(Collected data)

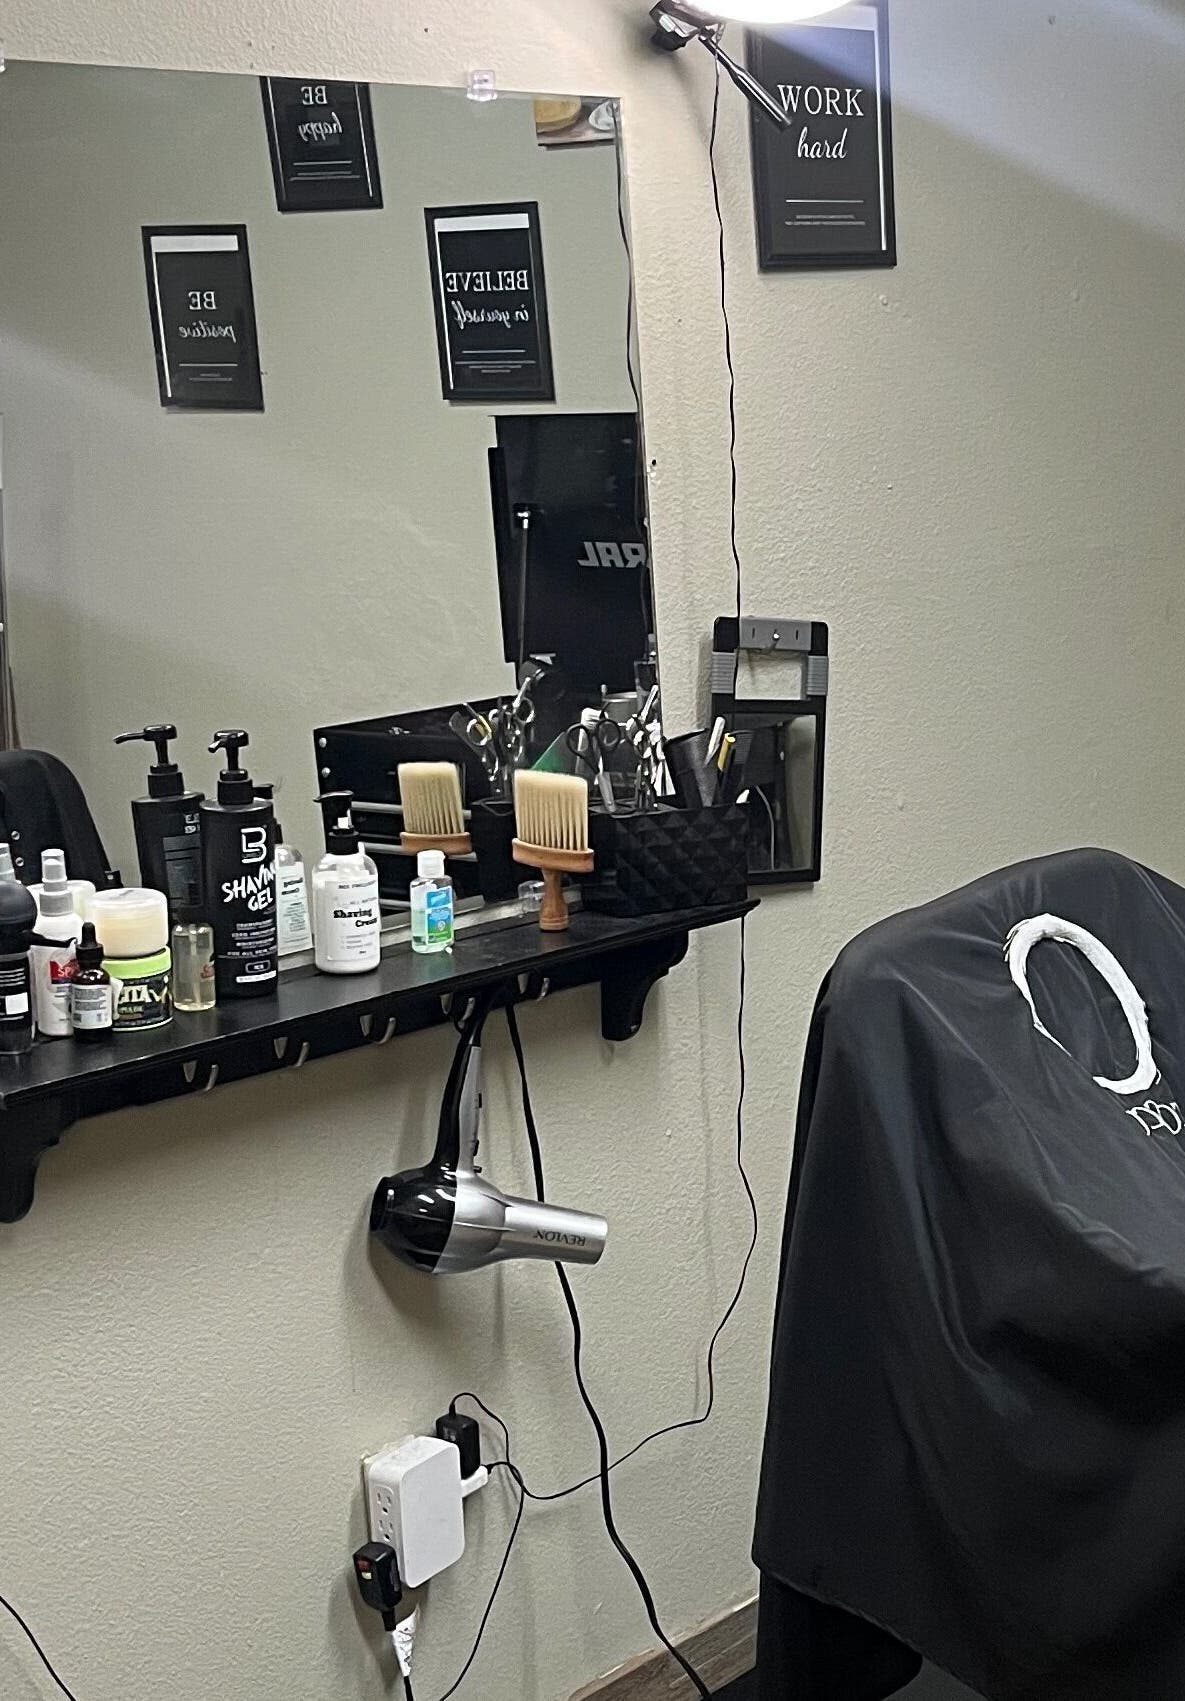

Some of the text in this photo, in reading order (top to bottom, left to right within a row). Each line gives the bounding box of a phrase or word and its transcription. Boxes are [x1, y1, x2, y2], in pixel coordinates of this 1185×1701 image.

[777, 84, 865, 116] WORK
[797, 126, 849, 159] hard
[247, 886, 273, 912] GEL
[534, 1229, 586, 1247] REVLON

> [The problem]
The records above must be retyped exactly. Please omit the pictures.

> [Finished exercise]
Some of the text in this photo, in reading order (top to bottom, left to right within a row). Each line gives the bounding box of a phrase or word and its transcription. Boxes are [x1, y1, x2, y2], in pixel coordinates of this 1185×1701 image.

[777, 84, 865, 116] WORK
[797, 126, 849, 159] hard
[247, 886, 273, 912] GEL
[534, 1229, 586, 1247] REVLON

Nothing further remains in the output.